Today is the two year anniversary of my move to San Diego. It’s been two years since I packed all my belongings in the back of my Pontiac, buckled my dog in the front seat next to me, and pulled out of my parents’ driveway, my mom and sister waving tearfully from the curb to see me off – two years since I hurled myself out of my comfort zone – two years since I embraced this new adventure with open arms and an open heart.
I remember how nervous I was to leave home. Always indecisive, I tortured myself with the decision to go for weeks. I was anxious, irritable, and unsettled. I had come to a crossroads, a point in my life where I knew I needed to push myself, to stretch and to grow. I knew it would be a mistake to stay in Colorado, and yet I had so much fear and resistance to leaving.
But looking back, I can say with confidence that making the move to the unfamiliar and beautiful city of San Diego was one of the best decisions of my life! I’ve gained so much in the last two years, and the move shaped my life in ways I could never have anticipated.
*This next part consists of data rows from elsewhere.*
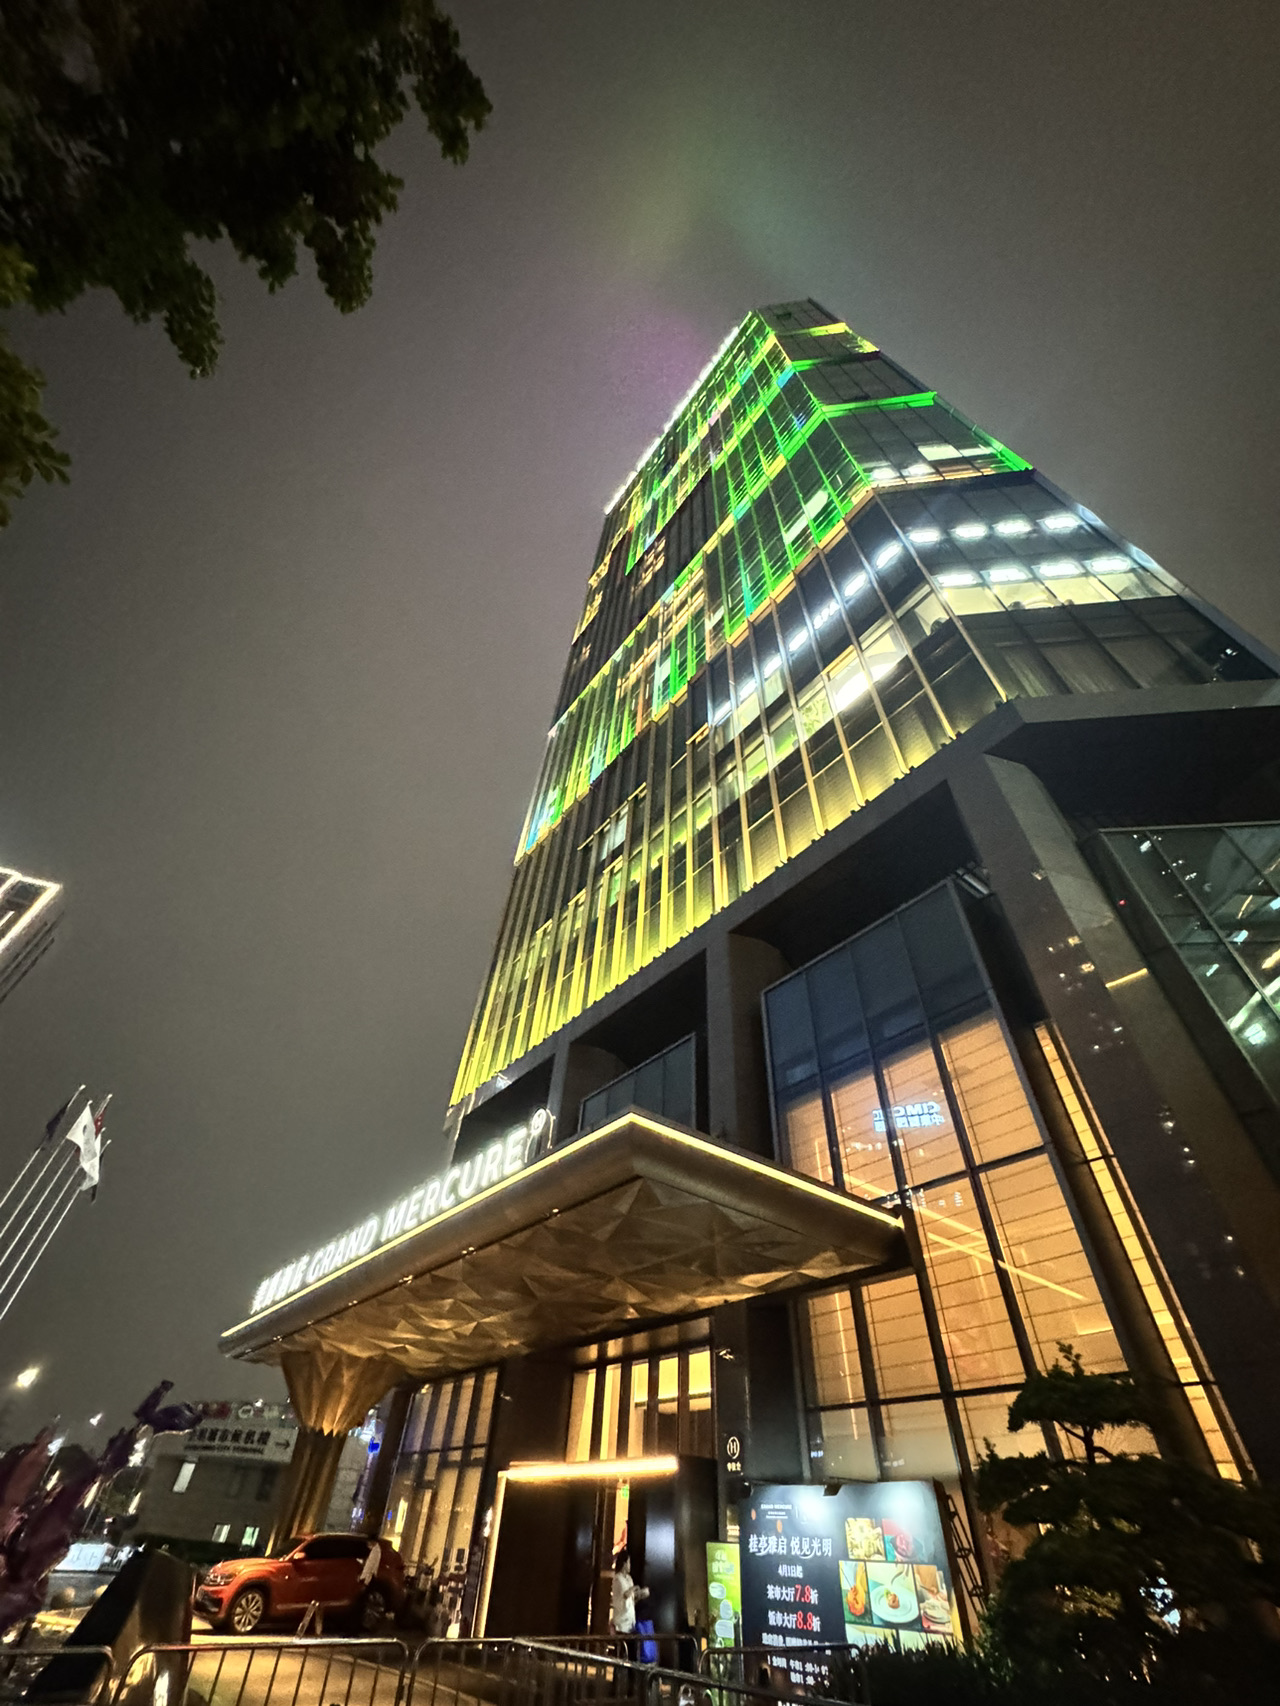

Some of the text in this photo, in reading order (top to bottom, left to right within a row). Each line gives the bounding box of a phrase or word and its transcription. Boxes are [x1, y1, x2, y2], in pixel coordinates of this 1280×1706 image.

[306, 1217, 378, 1283] GRAND
[380, 1127, 528, 1241] MERCURE
[790, 1537, 832, 1559] 悦见光明
[778, 1564, 803, 1579] 4月1日起
[766, 1584, 819, 1605] 茶市大厅7.8折
[768, 1610, 820, 1633] 饭市大厅8.8折
I can do anything I put my mind to.
I think we all know what it feels like to watch someone else really go for their dream, while saying quietly to ourselves, “great for them, but I could never do that.” And yet, the move to my dream city of San Diego – a place where I had no close friends or family and had visited only briefly – energized me, empowered me, and made me realize that I did do that, and I can do it again!
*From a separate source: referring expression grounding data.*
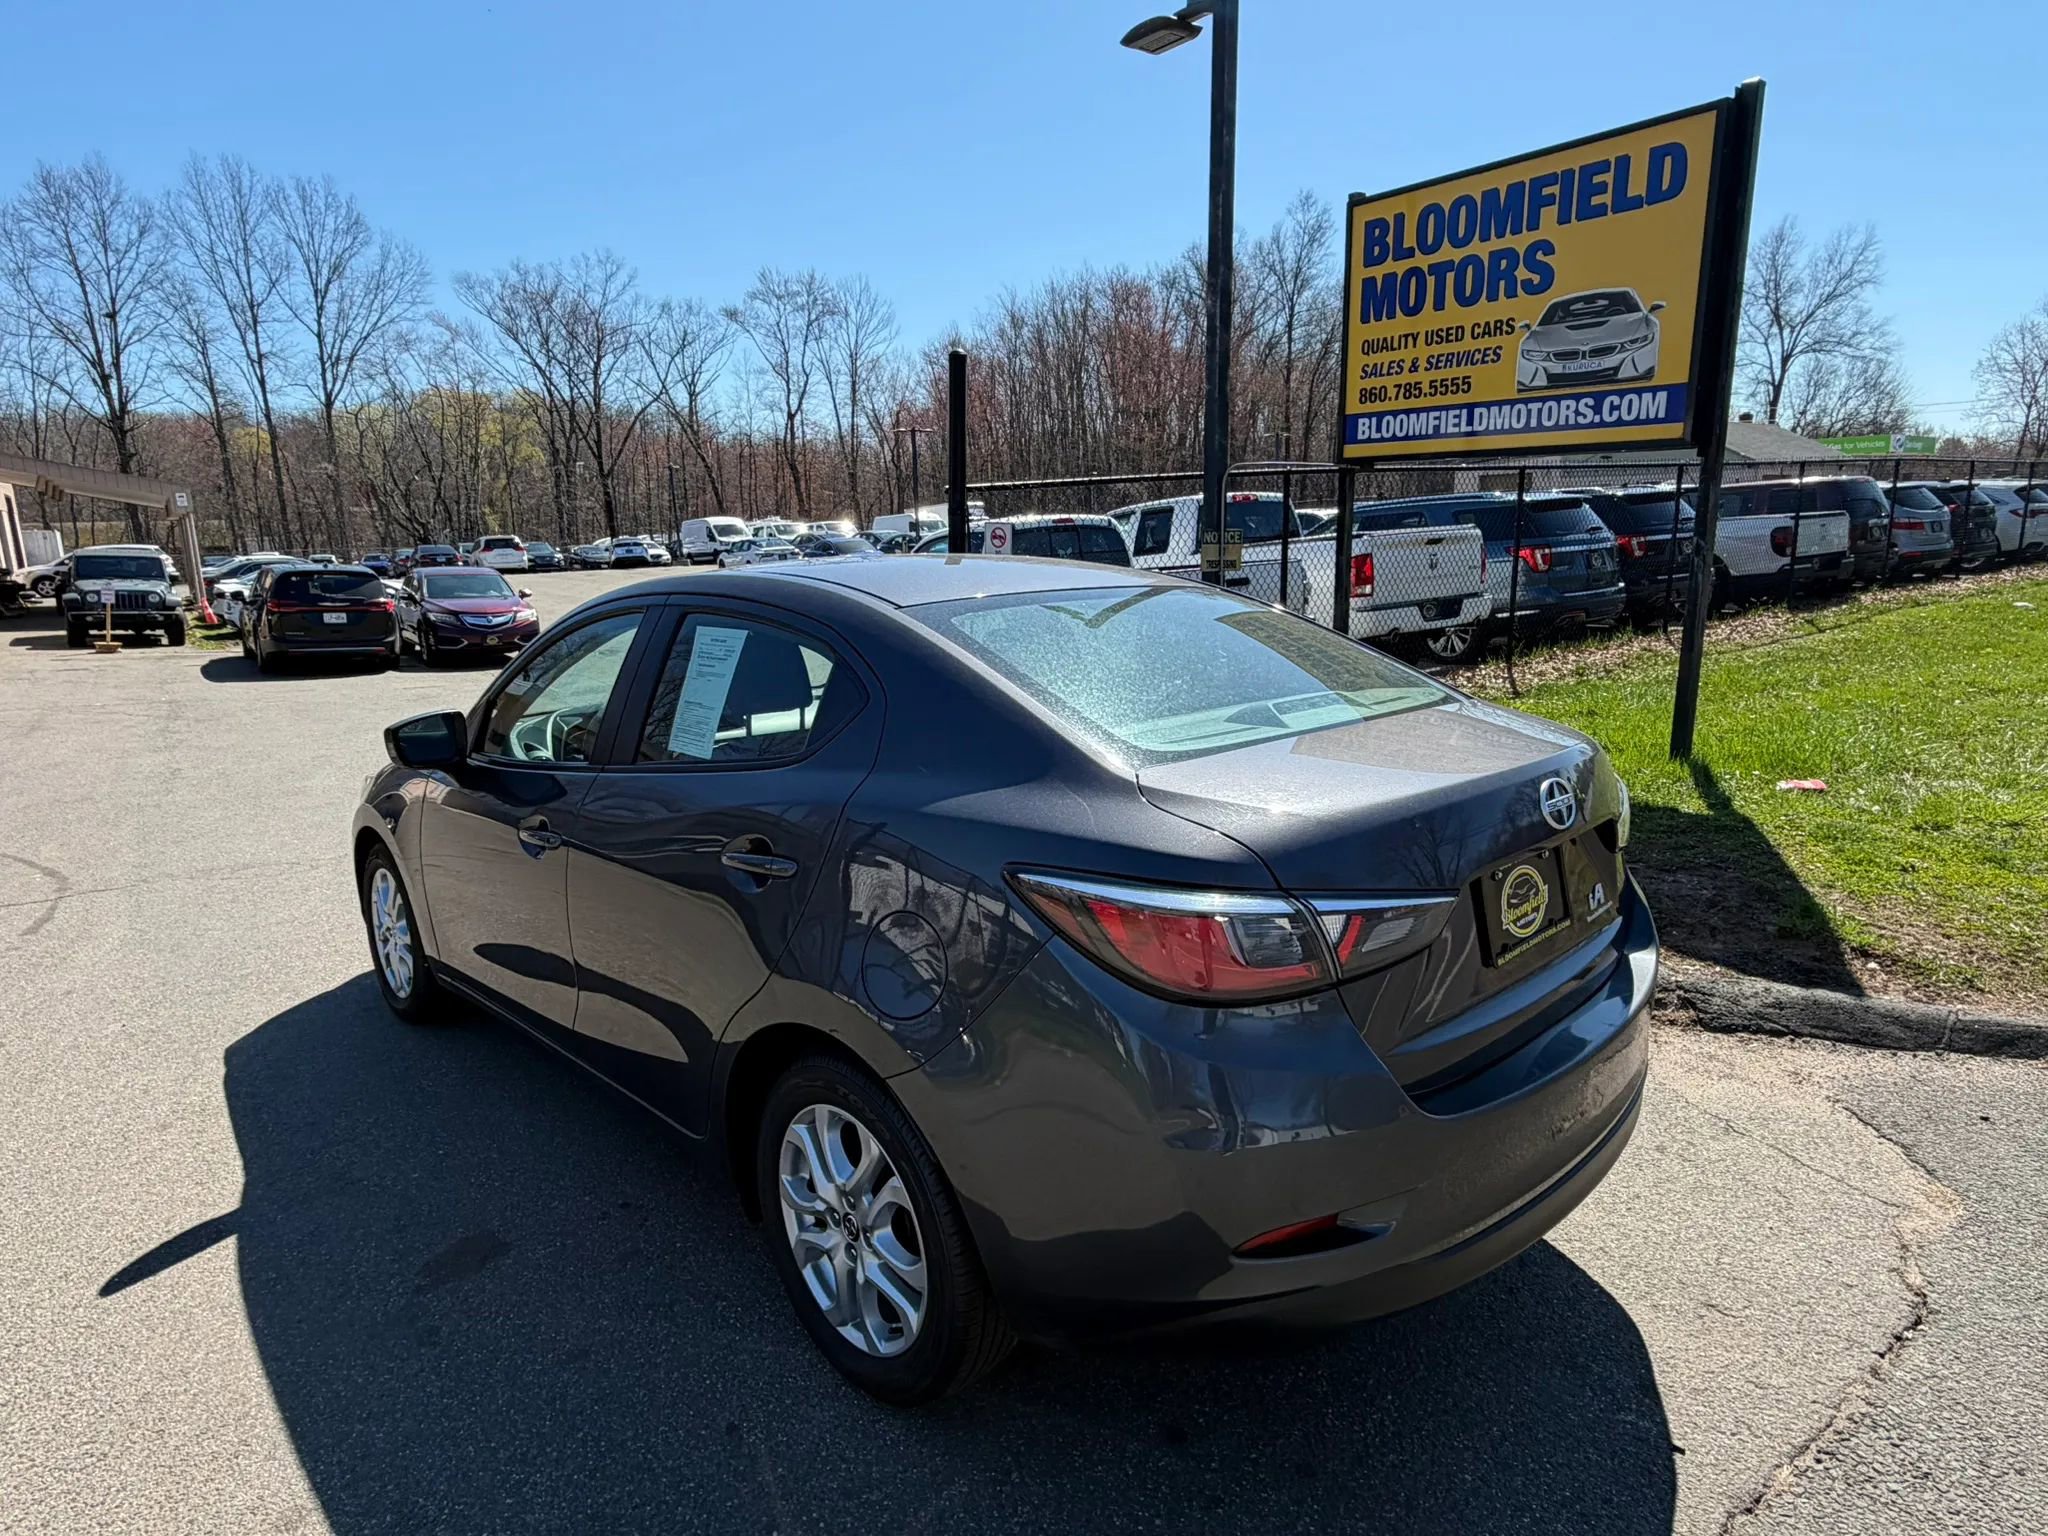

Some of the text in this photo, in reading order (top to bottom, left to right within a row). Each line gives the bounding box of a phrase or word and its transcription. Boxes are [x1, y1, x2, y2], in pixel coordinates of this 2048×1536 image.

[1363, 142, 1688, 268] BLOOMFIELD
[1360, 239, 1556, 325] MOTORS
[1361, 317, 1516, 356] QUALITY USED CARS
[1360, 345, 1503, 380] SALES & SERVICES
[1359, 375, 1472, 405] 860.785.5555
[1357, 391, 1668, 440] BLOOMFIELDMOTORS.COM
[1203, 531, 1241, 543] NOICE
[1504, 888, 1548, 924] Bloomfield
Oftentimes our most worthwhile aspirations are lofty and intimidating. They may require us to take big risks and to get uncomfortable, but it is in this space that we find strength and confidence.
I am the author of my own story.
Every story has a setting, a time and place in which the main character’s life unfolds. I was born and raised a Colorado girl, but that doesn’t mean I am required to stay, or necessarily that Colorado is the best place for me to thrive. There is something incredibly empowering and exhilarating about choosing my setting. After all, this is my story, and I have the capacity and responsibility to create for myself a life that sets my soul on fire!
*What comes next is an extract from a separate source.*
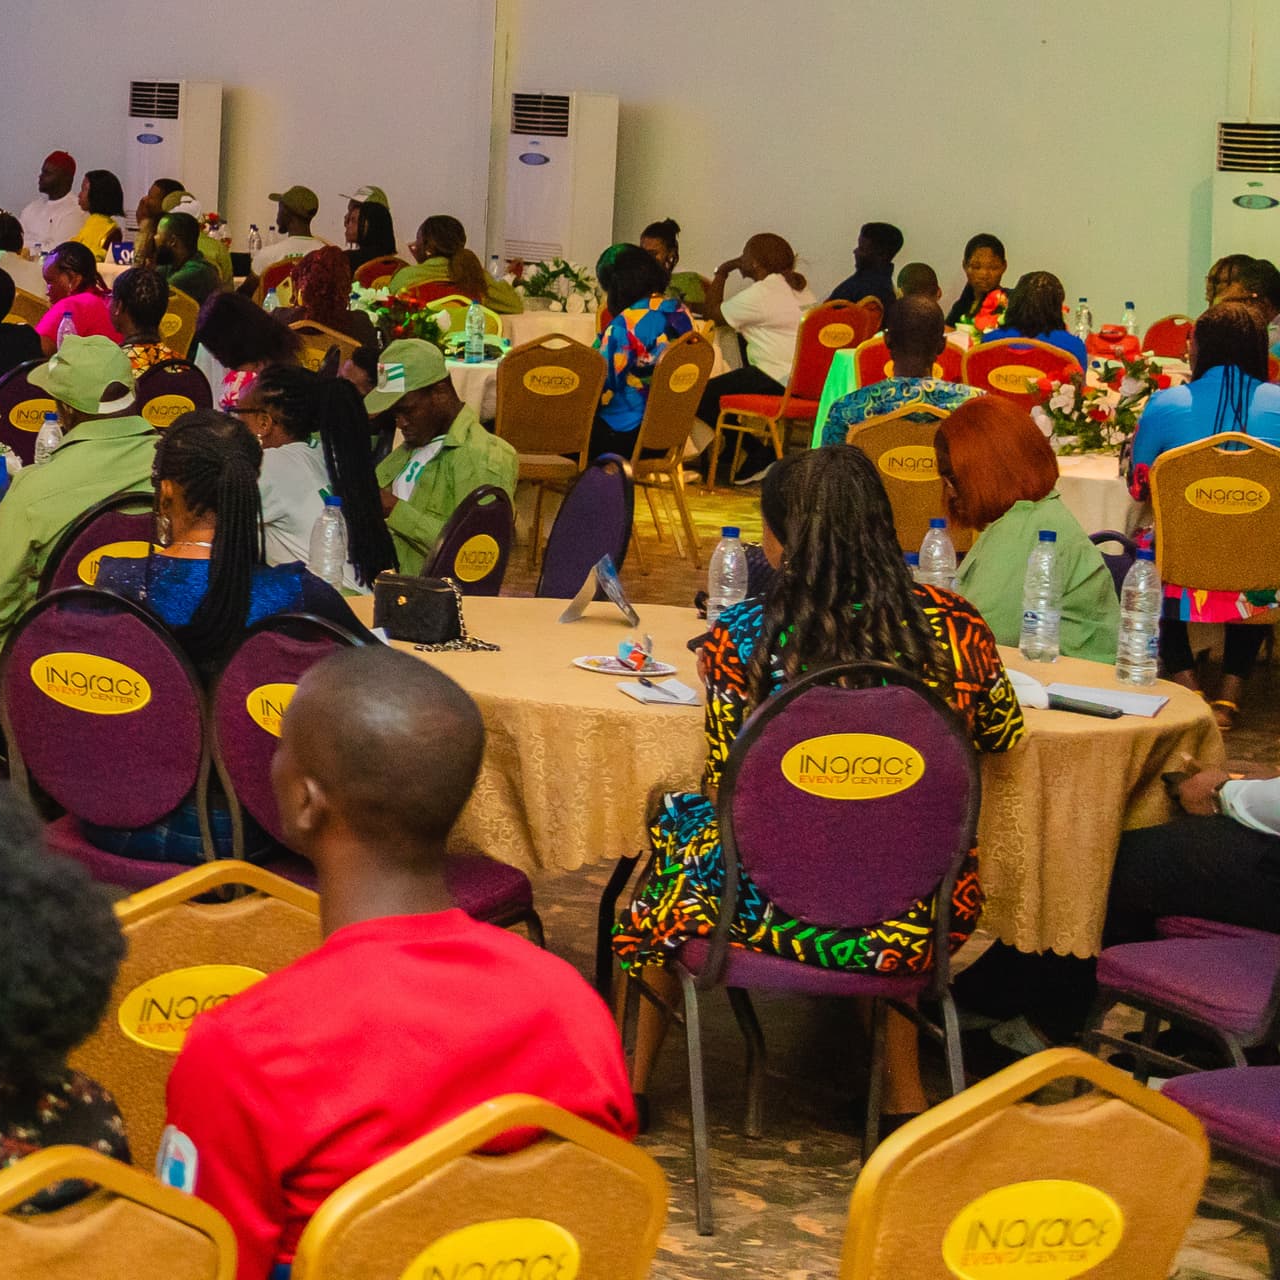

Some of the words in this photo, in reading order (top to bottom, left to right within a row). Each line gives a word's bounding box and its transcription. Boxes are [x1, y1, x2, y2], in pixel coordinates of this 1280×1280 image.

[90, 692, 134, 705] CENTER
[800, 774, 840, 785] EVENT
[851, 775, 904, 786] CENTER
Vulnerability looks good on me.
I’ll admit, I am still working on being more open and vulnerable. But there is really nothing like being in a new place, without the tried and true convenience of reaching out to my parents or sisters when I’m in need of help or craving company. San Diego helped me to open myself to new people and experiences, ask for help from acquaintances, and cultivate curiosity.
Without a little bit of faith and vulnerability, I wouldn’t have met and become friends with so many amazing people here in San Diego. I now know the potential for new friends and incredible memories is limitless, so long as I remain open and willing to possibility.